Sometimes it is not the complexity of prosody that carries the greatest power; it is the pure eloquence of an image, a moment, the perfect marriage of a few words that says more than whole books may convey. Those simple things, the phrase, the moment, may touch upon something too deep to be easily explained.
I was driving home from work, listening, as is my custom, to the radio. As I flipped the switch, letting unfamiliar voices flood the interior of my car, I found myself in the middle of an interview with an African American musician, explaining why he had chosen a particular piece of music to express his feelings about winter. He spoke of an incident lost in the past that inspired him; the image of his father, a blue collar worker, struggling against brutal winter weather as he fought his way to work past the windows of the school where his son sat trying to gain access to the higher echelons of society through education. The soft voice on the radio spoke of his father's bowed back, not even immediately recognizable as his parent, as he walked "as if all his dreams were behind him."

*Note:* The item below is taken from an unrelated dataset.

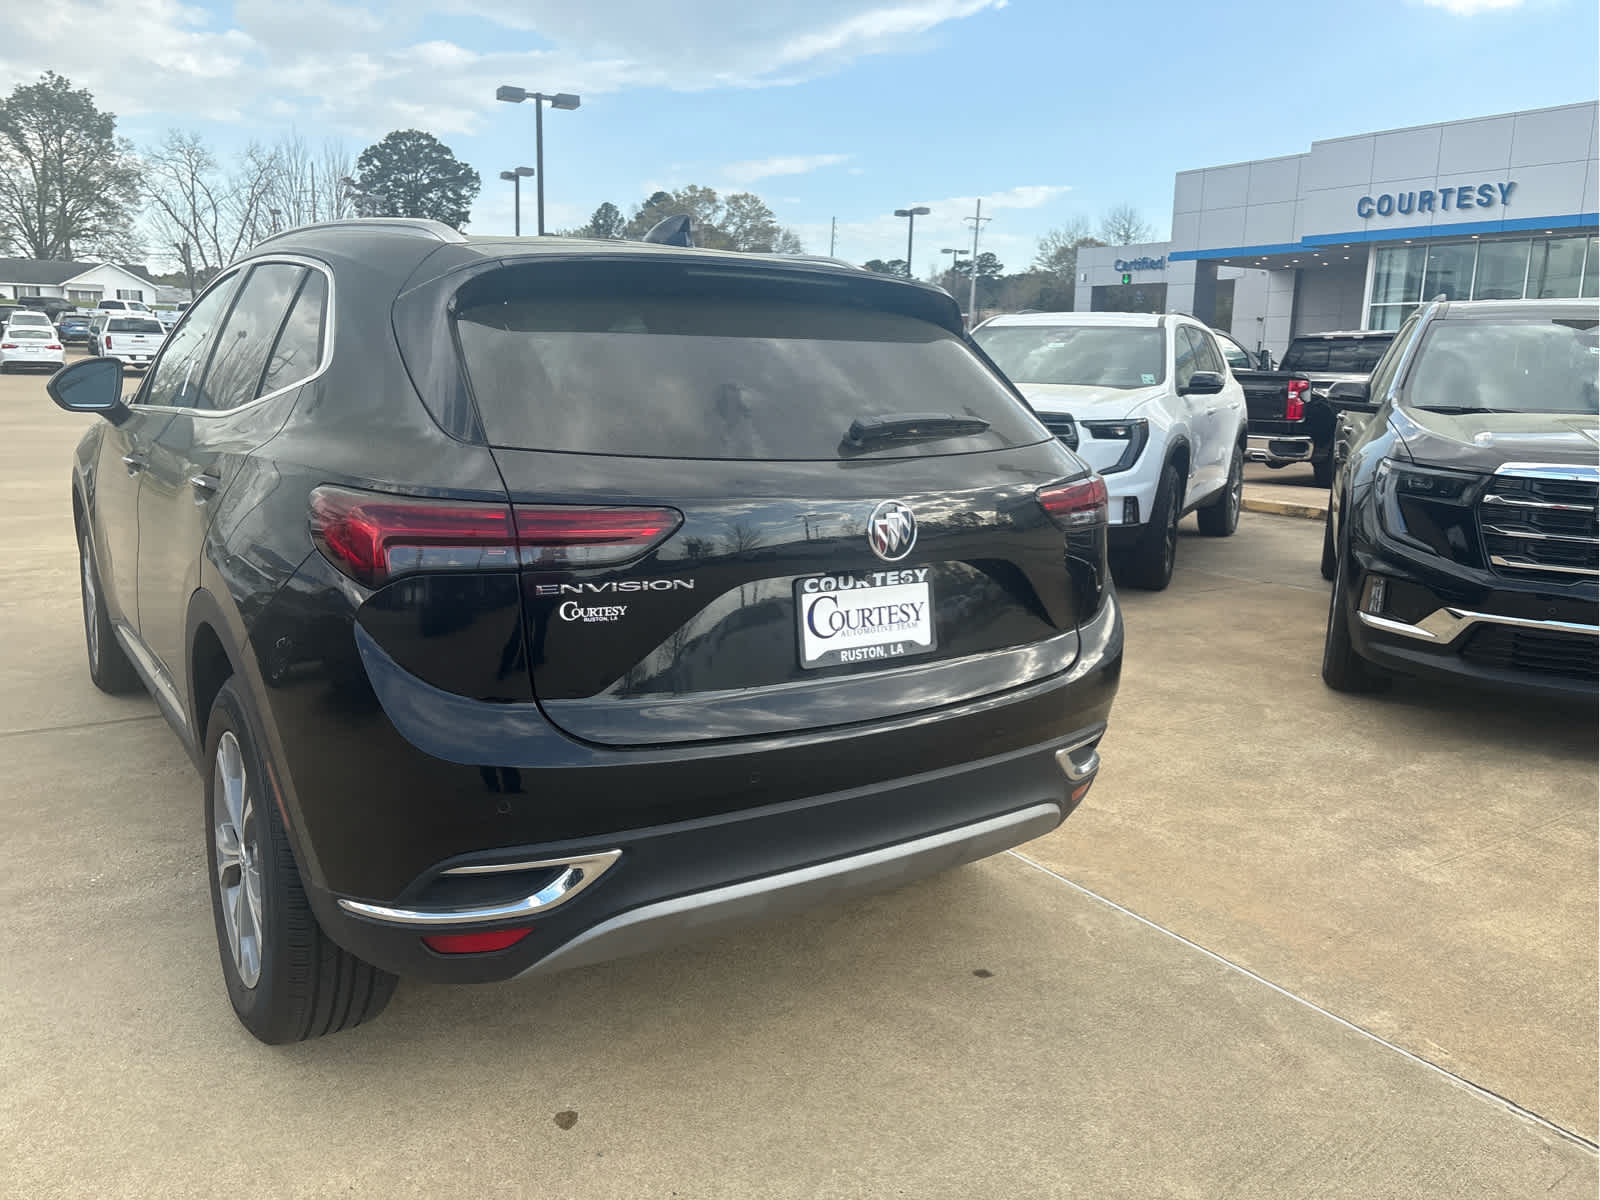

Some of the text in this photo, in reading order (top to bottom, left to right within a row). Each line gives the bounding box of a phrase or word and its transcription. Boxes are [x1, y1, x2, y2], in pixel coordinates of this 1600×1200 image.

I paid little attention to the rest of the interview. That simple phrase, those words, utterly chilled me. There, in so few syllables, was one of the great fears of mankind laid bare, the horror of aging. There lies truth. It is not the fear of physical failing or of death that makes us avert our eyes from age. It is the fear that all our dreams will be behind us, that nothing will be pulling us forward to tomorrow. Instead, the icy fear invades our gut, we will merely stumble toward the end of our earthly existence crushed by the weight of dreams scattered behind us on our path, a heavy past driving inexorably toward a vacuous future.

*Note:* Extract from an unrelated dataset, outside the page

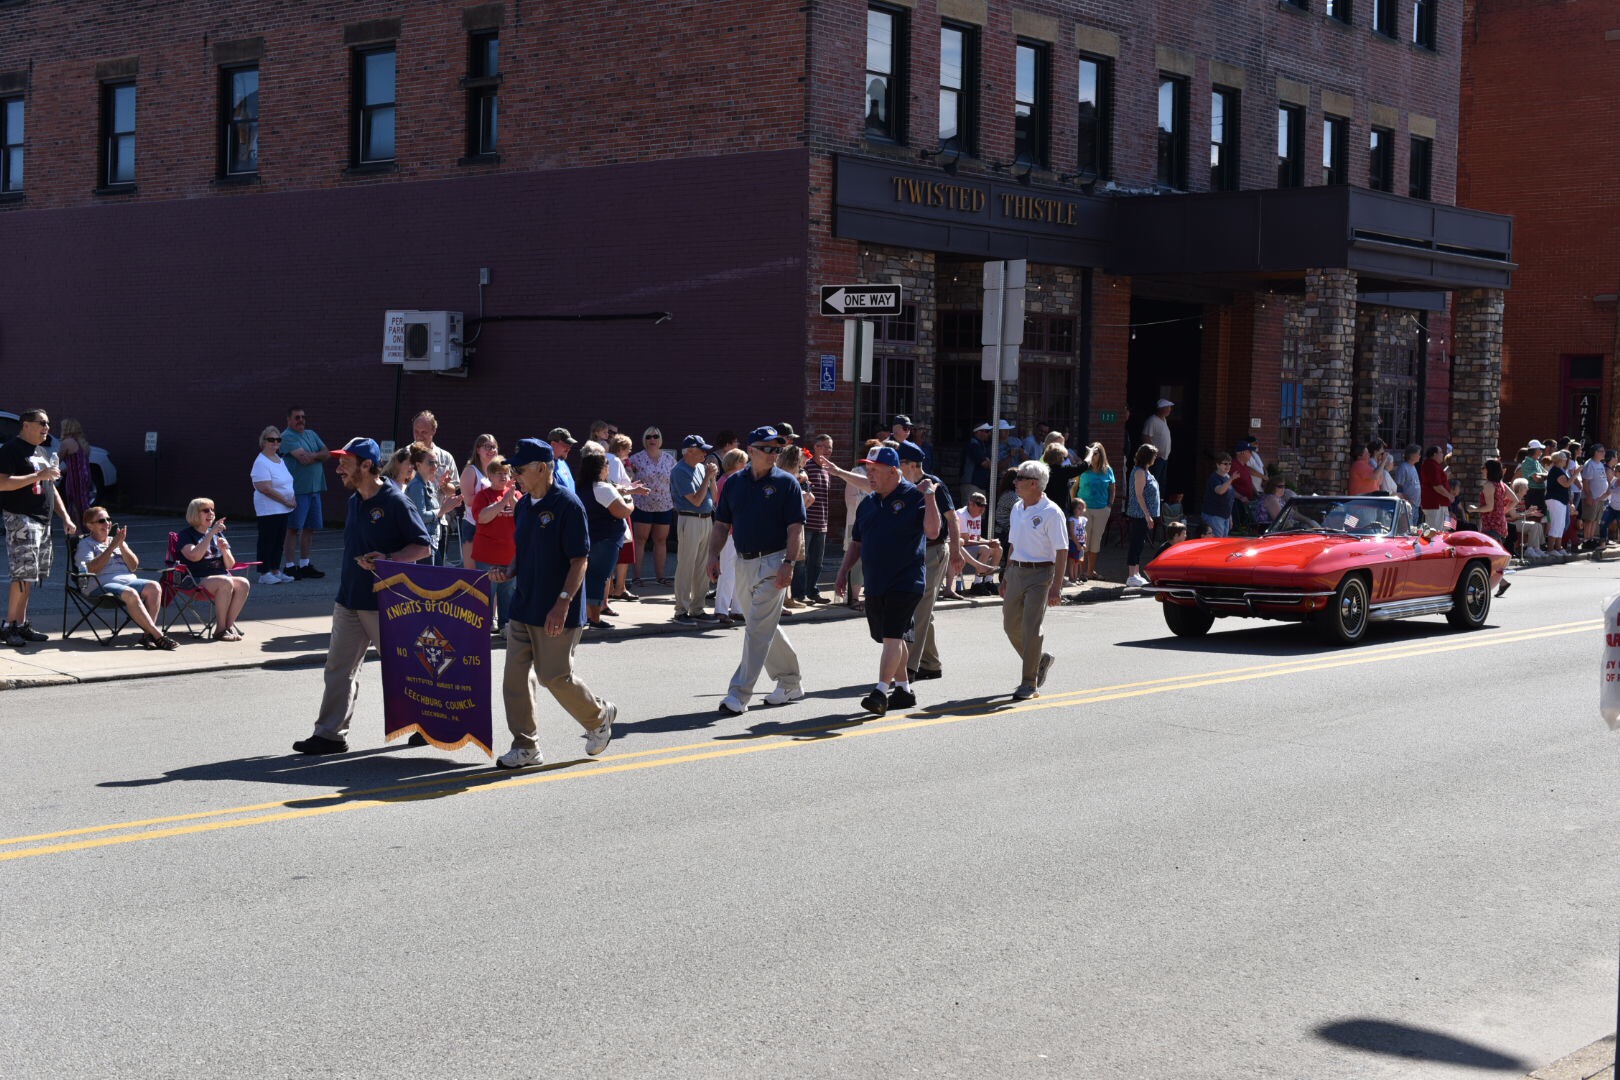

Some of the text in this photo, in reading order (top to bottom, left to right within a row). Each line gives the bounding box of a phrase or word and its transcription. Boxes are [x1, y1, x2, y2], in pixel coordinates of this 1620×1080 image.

As if all his dreams were behind him.
As we grow older, we accomplish goals, tick things off our "bucket lists." But we often abandon dreams or push them off until later. But somewhere, somewhen, there is an elusive moment where the future and the past switch places, and those dreams fall behind us. For some, that moment conflates with the last breath; there are always dreams ahead of us, we never stop wanting, longing. For others of us, it happens far earlier. We give up on wanting and longing, or we give up because we believe those things are the purview of a younger generation, and we somehow have the notion that if we keep dreaming, there will be a shortage of dreams for them.
There are no guarantees in life, but I do not want to trudge through my life with my dreams behind me. Daily, I worry about my widower father who struggles to fill his empty days and his emptier nights. I avert my eyes from aging, fleeing not from the fears of wrinkles or aches, but of a void without dreams drawing me forward. Perhaps it is best to put that in words and to begin building, not a practical plan for the future, but a fortress of dreams, floating ever before me, unattainable, tempting, and full of hope.